In an earlier article concerning the cordon blue (Introducing the Red-Cheeked Cordon Blue, Uraeginthus bengalus), I mentioned that this popular pet trade finch often nests close to wasp colonies in its native West Africa. It has long been known that certain birds derive protection from predators by nesting near colonies of ants, bees, wasps and other aggressive social insects. It has been shown that wasps eliminate nearly all parasitic botflies from nearby nests of oropendolas and yellow-rumped caciques, and wasp nests experimentally re-located (fun job!) to trees bearing the nests of rufous-naped wrens dramatically reduced predation by monkeys.
In the case of the cordon blue, pairs nesting near wasp colonies are usually more than twice as likely to successfully fledge chicks as are those in trees un-protected by wasps. An article in The Auk (Beir, P., 2006) has raised the possibility that certain wasps (Ropalidia cincta) may, in turn, derive benefits from living in proximity to nesting cordon blues.

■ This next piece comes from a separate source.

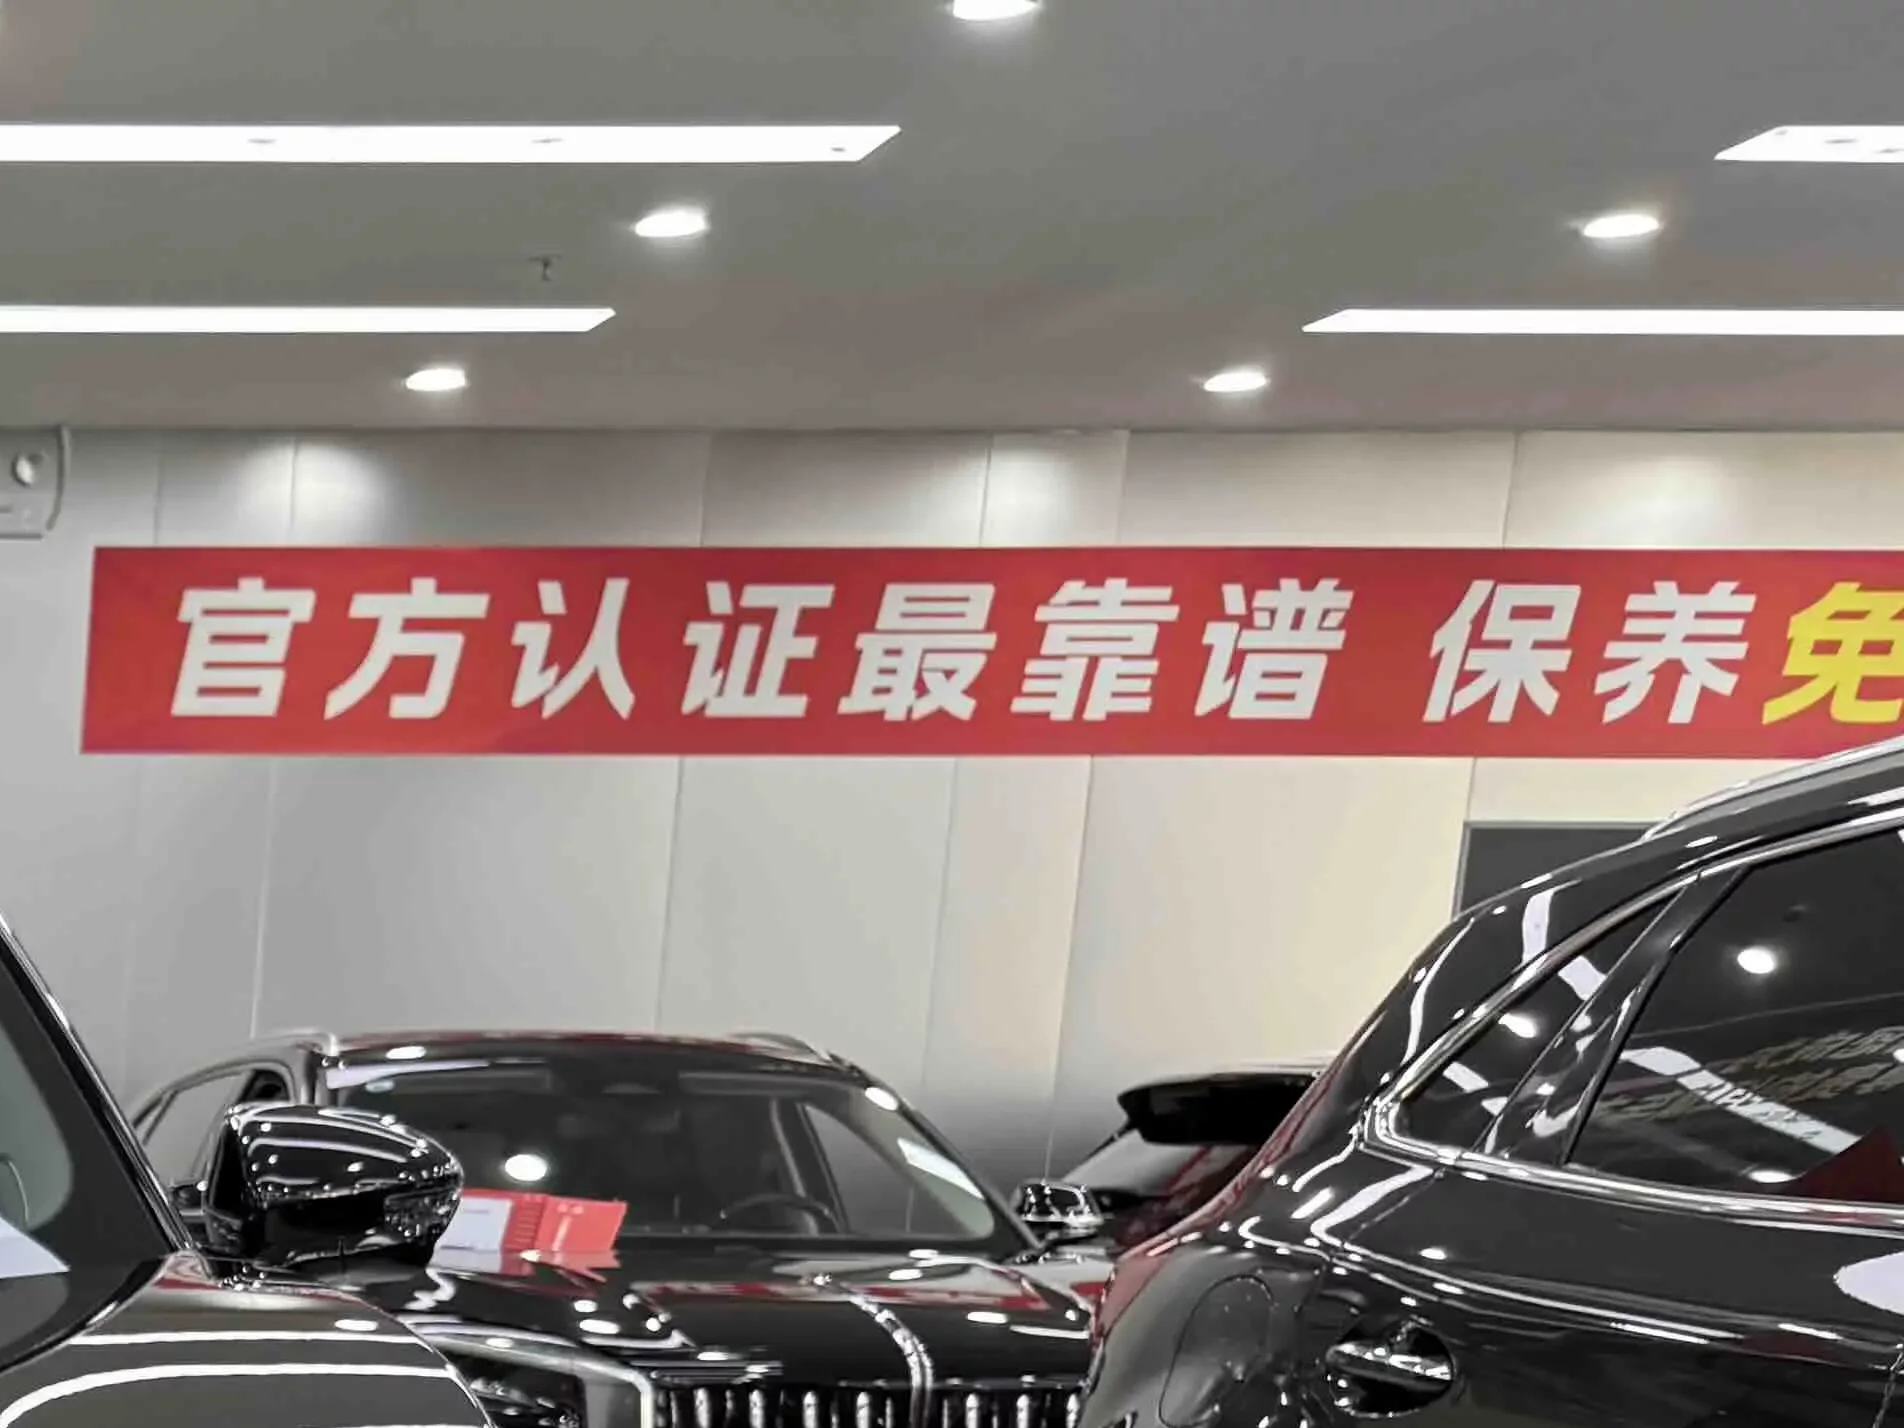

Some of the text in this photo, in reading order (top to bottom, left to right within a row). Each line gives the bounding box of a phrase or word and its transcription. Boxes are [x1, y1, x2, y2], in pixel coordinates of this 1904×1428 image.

[170, 577, 1352, 722] 官方认证最靠谱

Researchers working in Ghana noted that wasps establishing new colonies showed a strong preference for trees occupied by cordon blues. They discovered that the sting of the Ropalidia wasp is relatively ineffective against ants, which raid wasp nests, and smaller wasps, which parasitize the larvae. Cordon blues, on the other hand, relish small insects and may help the Ropalidia wasps by devouring ants and smaller wasp species. Further studies are under way.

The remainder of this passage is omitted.